Appartiene alla consuetudine il pellegrinaggio di ortodossi a luoghi di culto della tradizione cristiana indivisa (san Nicola a Bari o san Pietro a Roma) anche in occasioni di celebrazioni. In questo caso, la presenza ortodossa non è considerata partecipazione alla preghiera comune.
Esclusa in ogni caso la condivisione della comunione eucaristica, si dovranno evitare letture condivise di preghiere e celebrazioni liturgiche comuni.
Diversa la questione dei matrimoni misti e del culto relativo.
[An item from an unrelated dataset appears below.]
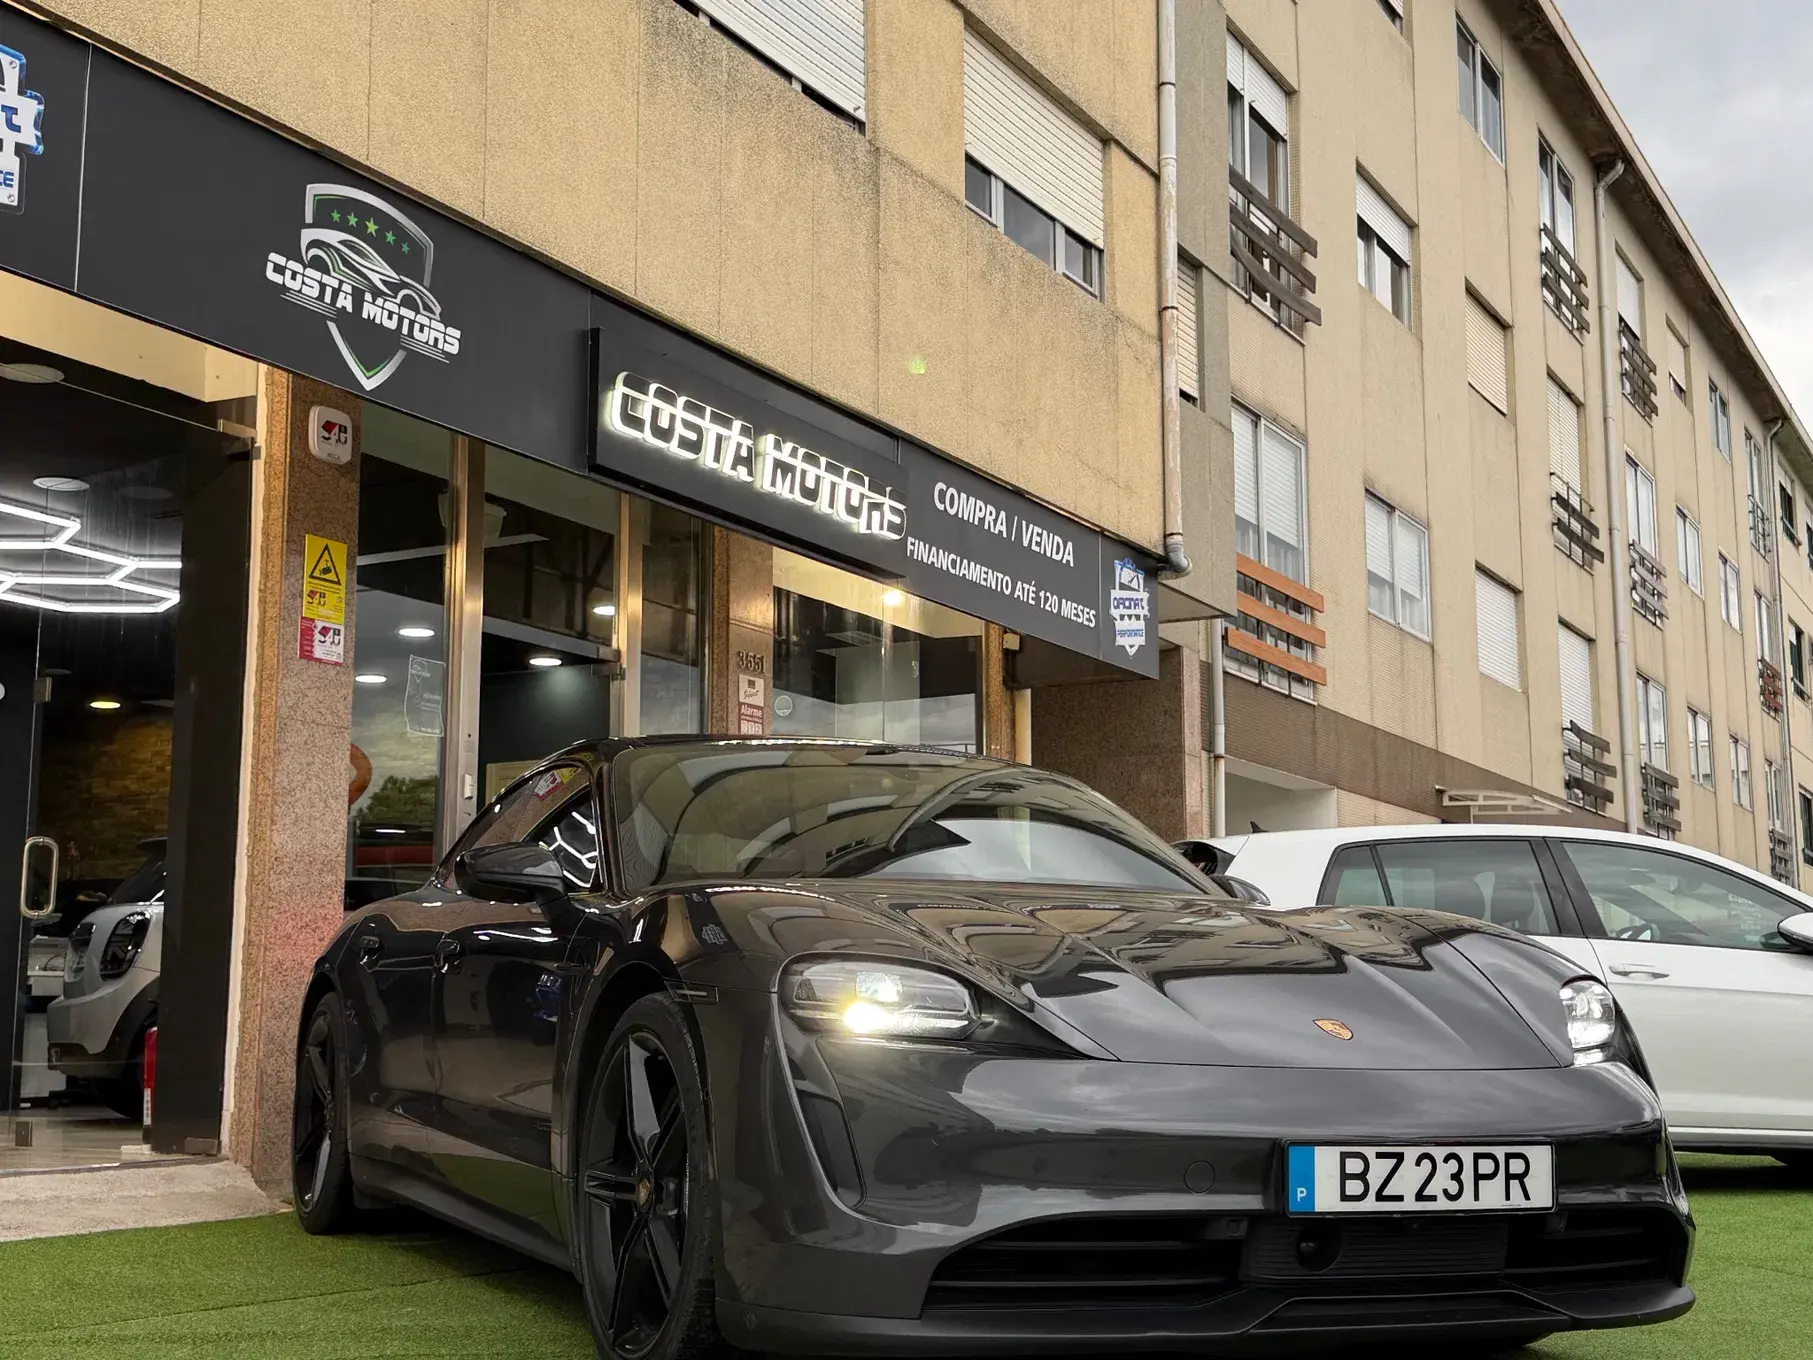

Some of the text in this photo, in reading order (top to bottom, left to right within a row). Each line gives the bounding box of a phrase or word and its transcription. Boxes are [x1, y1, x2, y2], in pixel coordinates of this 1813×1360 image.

Il matrimonio con cattolici, orientali e protestanti è celebrabile, ma a patto che gli sposi si impegnino a educare i figli nell’obbedienza ortodossa. Non è accettabile che un sacerdote non ortodosso benedica gli sposi durante la celebrazione ortodossa. Nel caso del battesimo dei figli, non si dovranno accettare non ortodossi nel ruolo di padrini o madrine.
In una delle note si cita un passaggio dei Principi fondamentali sull’atteggiamento della Chiesa ortodossa russa nei confronti delle confessioni non ortodosse: «L’unità della Chiesa è anzitutto una unità e una comunione nei sacramenti. Ma la vera comunione sacramentale non ha niente a che vedere con la pratica dell’intercomunione. L’unità non può realizzarsi che nell’identità dell’esperienza e della vita sacramentale, nella fede della Chiesa, nella pienezza della vita sacramentale nello Spirito Santo».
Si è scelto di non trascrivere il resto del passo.